María Teresa Ambrosini, una jubilada mendocina, casi se infarta. Así describió su reacción cuando la policía le hizo una multa por más de 14 mil pesos por andar en bicicleta sin casco. Había salido de su casa a comprar pan y a la segunda cuadra la frenaron. “Fueron los dos bollitos más caros de mi vida”, aseguró.

En diálogo con Clarín, la mujer explicó que después de estar casi cuatro meses en cama por un problema de salud, decidió volver a hacer actividad física. Por eso, empezó a andar en bici para “endurecer los músculos”. Después de tanto tiempo en reposo, María explicó que el día de la multa salió a comprar solo dos bollitos de pan porque vive sola y la sancionaron por no llevar el casco, en esas dos cuadras.

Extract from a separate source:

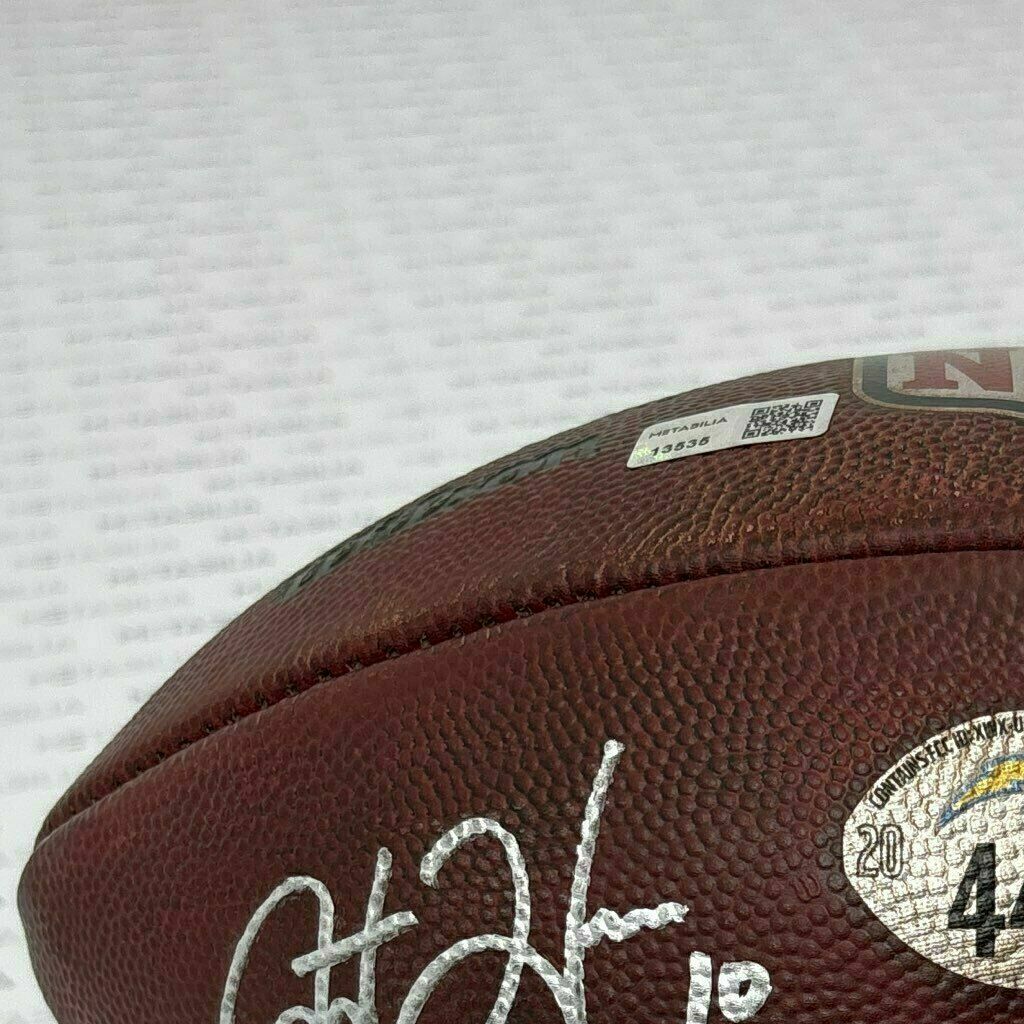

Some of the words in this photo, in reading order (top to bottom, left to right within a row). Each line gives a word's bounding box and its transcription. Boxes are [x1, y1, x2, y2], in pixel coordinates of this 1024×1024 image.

Esta es la multa, terminó pagando 8.550 pesos por un descuento del 40%.

La multa, de $14.250, fue una pesadilla para su economía. “Vivo al día y tenía que irme a San Juan, porque a mi hija se le vencía el contrato y tenía que ir a firmar unos papeles. La plata para pagar me la prestó un vecino”, contó. Al ser un pago voluntario, le descontaron el 40% y al final desembolsó $8.550.

En el momento que la frenó la policía, le dijeron que no podía circular sin casco y sin las luces. “Yo no sabía, si había estado como cuatro meses sin salir”, recalcó la jubilada. María intentó hacer un descargo en la dirección de tránsito y hasta pidió hablar con la jueza. A pesar de que la atendieron, fue en vano. “Le lloré la carta, pero marche preso. Hasta me dijo dónde podía comprar el caso y las luces que me iban a salir más baratos”, agregó. La nueva ley de tránsito en la provincia convirtió en obligatorio la utilización de casco y luces para quienes circulan en bicicleta. María no lo sabía. "Un regalo muy caro para esta navidad", riéndose para no llorar.

María Teresa Ambrosini dijo que no utilizará más su bici.

María asegura que, de acuerdo a lo que averiguó, “el casco más barato sale $ 780 y las luces salen unos $ 150”. Tras afrontar el pago de la multa, la mujer admite que ya no utiliza ese rodado como medio de movilidad. “¿Ahora cómo voy a salir de nuevo en bicicleta? Por eso ando caminando, aunque ya no me dan los huesos. Porque si salgo en bicicleta no tengo el casco y no me lo puedo comprar todavía. Ahora no me puedo mover. La he guardado hasta que Dios me ayude y pueda comprar el casco”, concluyó.